Western builders commonly use domestic cedar, cypress, larch, and pine. Cedar and cypress are natural choices because they already contain some decay-resistant compounds, and charring amplifies that built-in durability. Pine is less naturally resistant but more affordable, and charring can bring its outdoor performance much closer to that of premium species. Denser hardwoods can be charred, but they require more heat and time to achieve the same depth of carbonization, and the results are less predictable.
Depth of Burn Matters
Not all charring is equal. The Japanese tradition involves bundling three planks into a triangular chimney shape and lighting a fire at the base, creating intense, even heat that deeply carbonizes each surface. This produces the distinctive “alligator skin” cracking pattern associated with traditional yakisugi, where the char layer can be several millimeters thick.
Modern approaches range from quick passes with a propane torch (producing a thin, mostly cosmetic char) to industrial kiln treatments that carefully control temperature and duration. The depth of the char layer directly determines how long the protection lasts. A light torch pass might look dramatic but provides only a fraction of the rot and weather resistance of a deep, traditional burn. If you’re charring wood for genuine outdoor durability rather than just appearance, aim for a char layer thick enough that the surface cracks into a clear pattern of raised scales.

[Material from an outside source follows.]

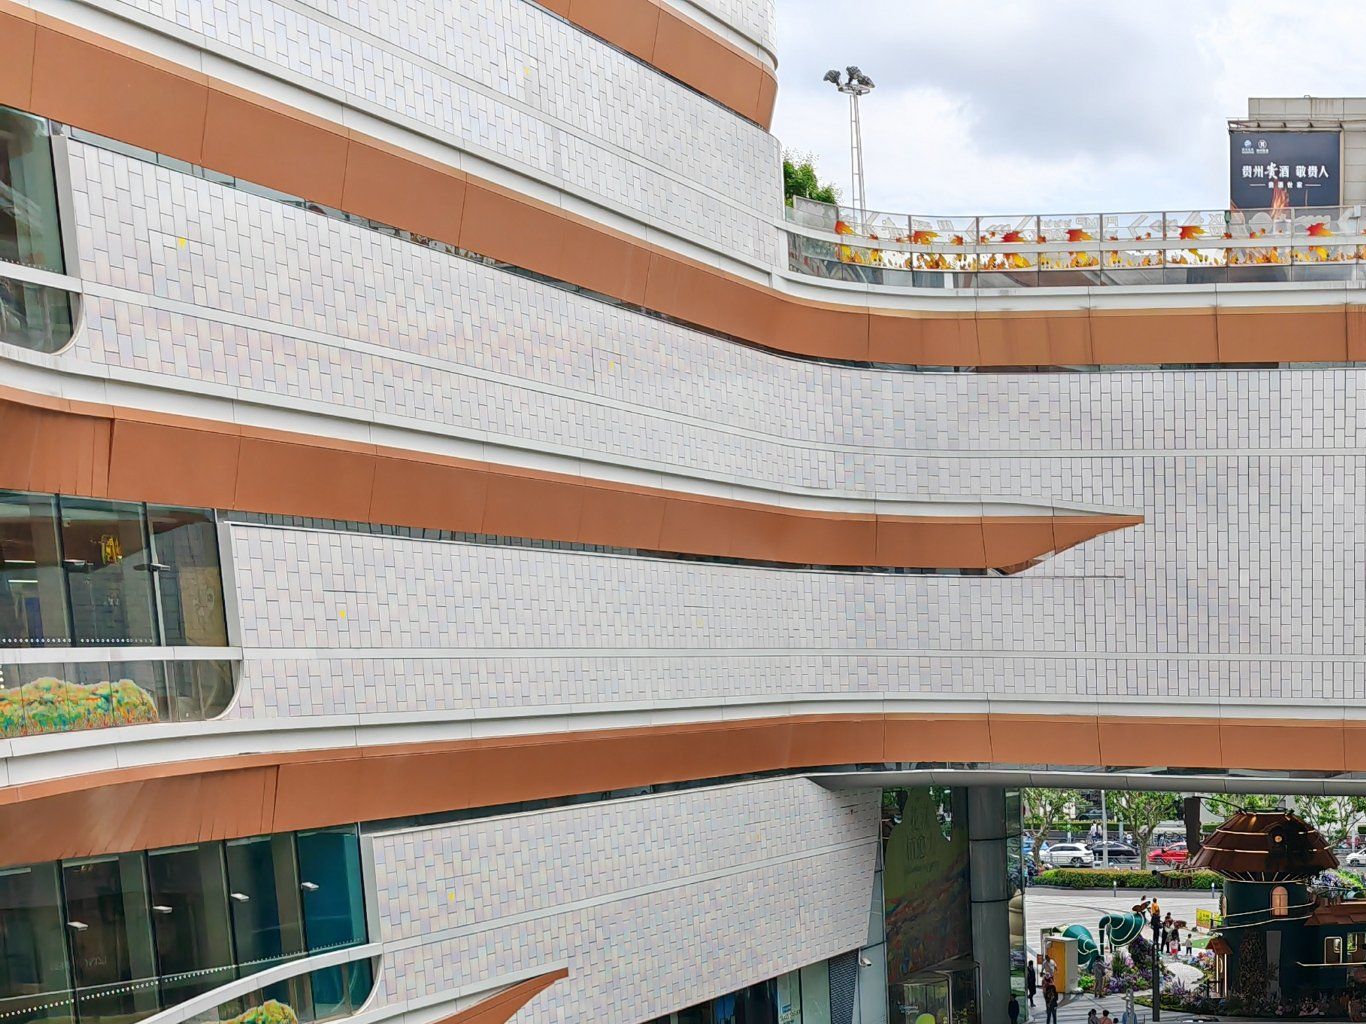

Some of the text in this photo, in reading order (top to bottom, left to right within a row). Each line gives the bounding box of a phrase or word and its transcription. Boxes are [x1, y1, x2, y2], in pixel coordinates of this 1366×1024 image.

Maintaining Charred Wood Over Time
Charred wood siding is lower-maintenance than conventionally stained or painted wood, but it isn’t maintenance-free. Over years of exposure, the outermost char layer gradually erodes from wind, rain, and physical contact. Applying a natural oil (commonly tung oil or linseed oil) after charring seals the surface, locks in the loose carbon, and extends the life of the protective layer. Most builders recommend re-oiling every few years, depending on climate and exposure.
Without oil, the sooty surface can transfer black residue onto hands and clothing, which is impractical for areas people touch regularly. The oil also enhances the wood’s appearance, deepening the black color and bringing out the grain pattern beneath the char. For vertical siding that isn’t subject to foot traffic or heavy contact, maintenance intervals can be quite long. Horizontal surfaces like decking wear faster and need more frequent attention.
The Tradeoff: What Charring Costs You
The char layer itself has no structural strength. You’re sacrificing a few millimeters of solid wood to create the protective carbon surface, which means the technique works best on thicker planks where that loss is negligible. For thin boards, the reduction in cross-section could matter. In practice, builders use charring almost exclusively on siding, cladding, fencing, and decorative elements rather than on load-bearing structural timber, so the strength tradeoff rarely comes into play.
The other consideration is fire performance, which might seem counterintuitive. Charred wood has already undergone partial combustion, and the gases released during that initial burn are largely non-flammable. This means a charred surface doesn’t ignite as easily as you’d expect. However, building codes in many jurisdictions require specific fire ratings for exterior cladding, and charred wood products need to be tested and certified to meet those standards before they can be used in construction.